My Back Is Back
Honestly, I’m unsure where I left things off regarding writing about my back. To summarize, I’ve been dealing with a bad back for a couple of years, along with my blood cancer. I’ve tried physical therapy, injections, and rest. But over the past several months, it became unbearable. Turns out I had two fractured pedicles in the lower lumbar, a degenerated disk, and vertebrae that were out of alignment. The pain has been really limiting. No walking, no standing for more than a couple of minutes, lots of pain.
Comorbidities - my back and my blood cancer
Two weeks ago, I had surgery to repair the problems. It was a long road to get there, that’s for sure. Several opinions. Different approaches were recommended. A change in surgeons. And finally, it’s done! Two weeks in, and it already feels better than it did before surgery.
Yes, I have to be careful for the next few months. As of now, I can’t drive. I can’t lift anything over five pounds. No bending, lifting, or twisting.
Surgeons went in from the front and back sides. Four pins in front and 4 pins in back. Rods. And synthetic bone material to fuse L/5 and S/1. The surgery lasted 4 hours, followed by 3 days in the hospital. They had me walking the very next day. Scary and painful! Now I’m home. Walking a bit more each day. Pain is lessening, and I’m cutting back on painkillers.

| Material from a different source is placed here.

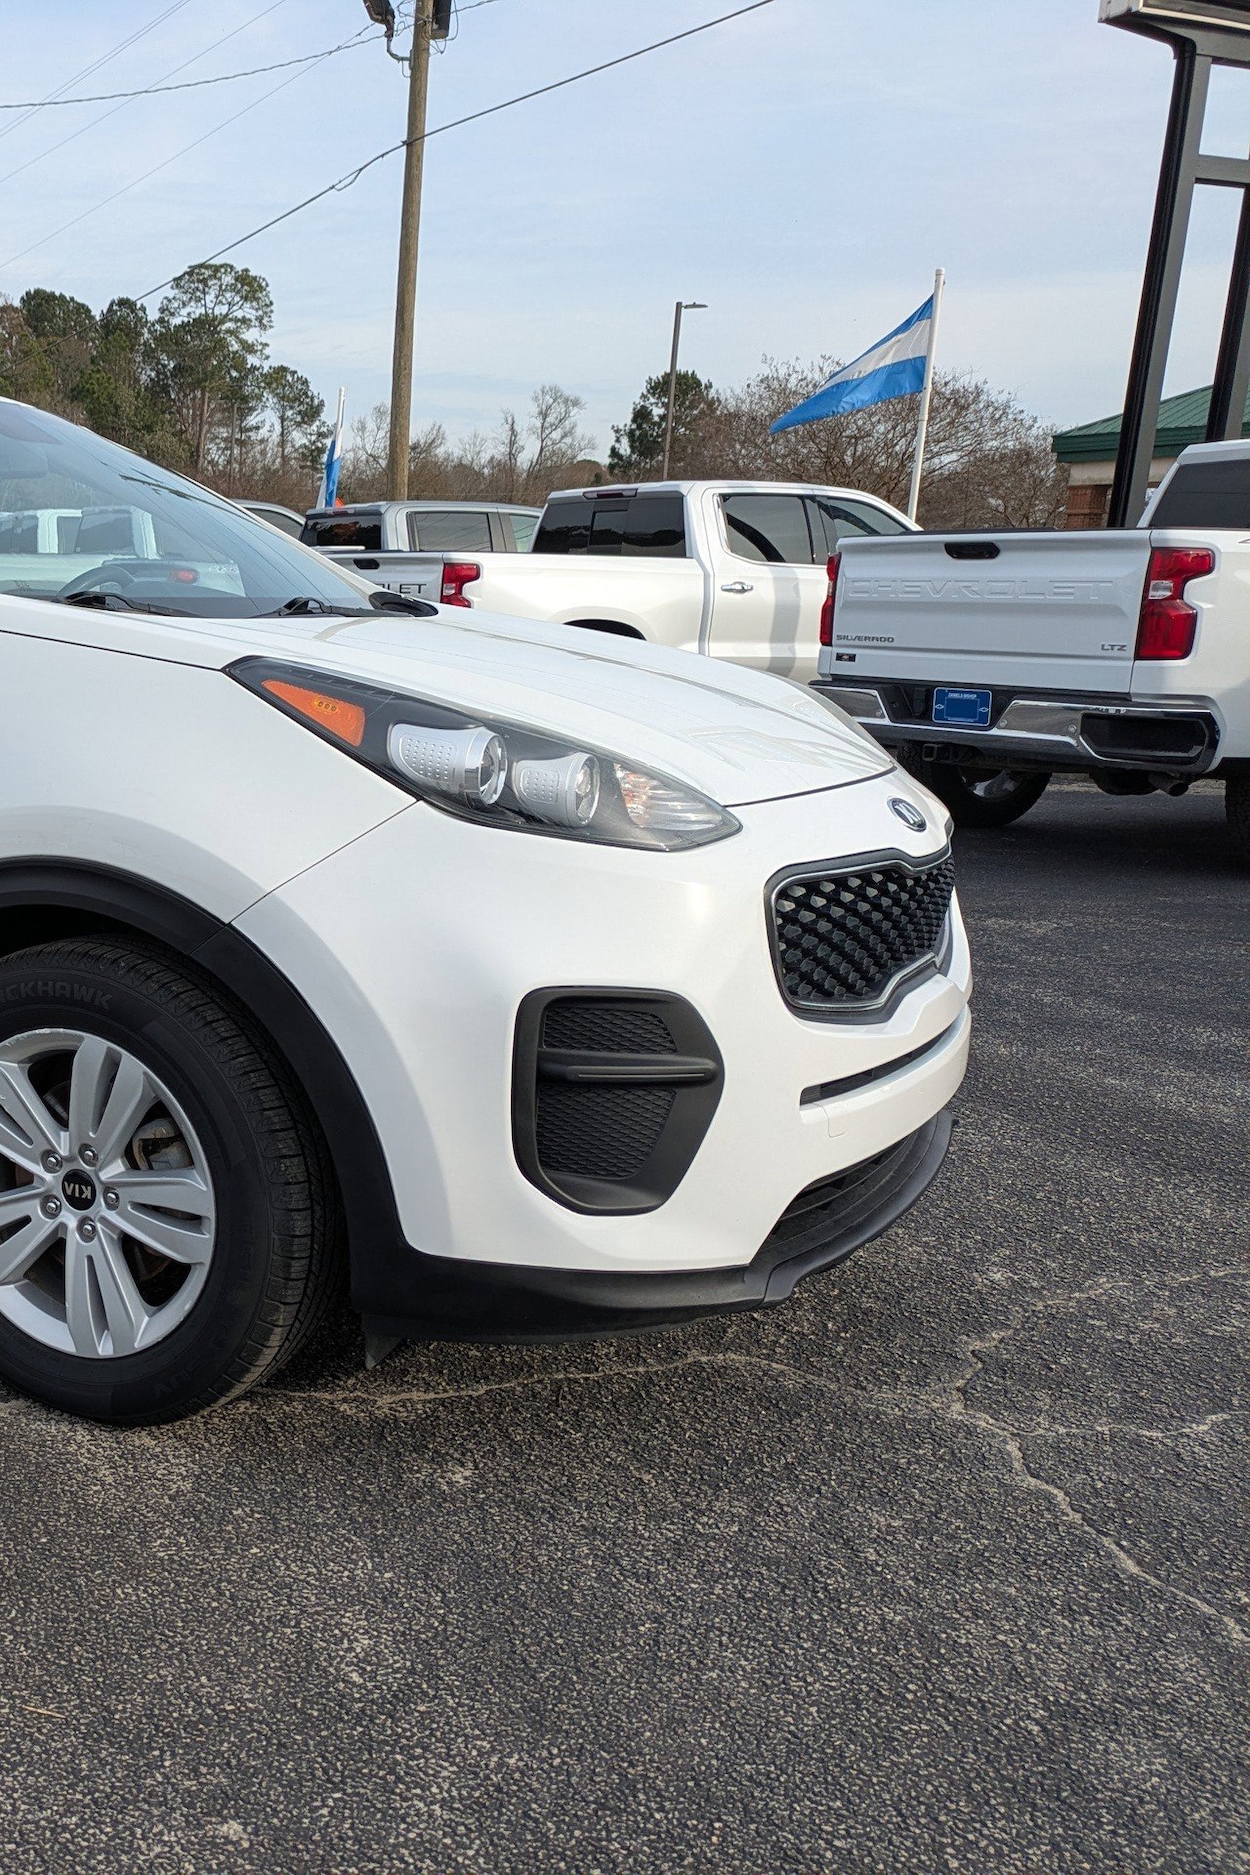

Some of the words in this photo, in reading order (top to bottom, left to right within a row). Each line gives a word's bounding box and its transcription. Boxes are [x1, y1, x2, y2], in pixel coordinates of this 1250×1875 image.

More isolating than my blood cancer
Note that I’ve been dealing with myeloma for over 12 years. The back surgery has messed with my emotional state in a way that cancer never did. It’s felt so life-changing. I’m super emotional. Questioning my life decisions. Evaluating relationships. Wondering if I’ll ever have a normal life again.
Yes, painkillers and pain have added to my emotional distress. But this downtime has been a huge non-happy reminder of my childhood when I was laid up for months with a foot injury. Feelings of isolation and abandonment were strong then and are strong now.
My wife, my caregiver
Mind you, my wife has been amazing during this whole process. She, like many of our caregivers, has sacrificed her own health to take care of mine. The back surgery was my 4th procedure of 2023. That’s nuts. I carry a lot of guilt for my wife’s sacrifices. Plus, I’m not used to being taken care of, and I feel so useless.
Yes, this is temporary, and the good news is I am on the road to recovery. But, wowie, what a trip this has been.
Delaying myeloma treatment to focus on my back
My myeloma continues to be stable. I delayed my monthly treatment to allow me to focus on my back. Next week, it’s back to the hematologist for my monthly infusion, two weeks late. Life (cancer) doesn’t stop just because I have a bad back.
I don’t write much anymore. Neither here nor on my blog. I’m so tired of hearing myself think about myeloma and my health, let alone write about it. I made a list of things to accomplish while recuperating from surgery. Included is a personal writing project that I’ve been meaning to get to. I haven’t even been working on this. Yikes. I gotta get my mojo back. Fingers crossed, I’ll get there.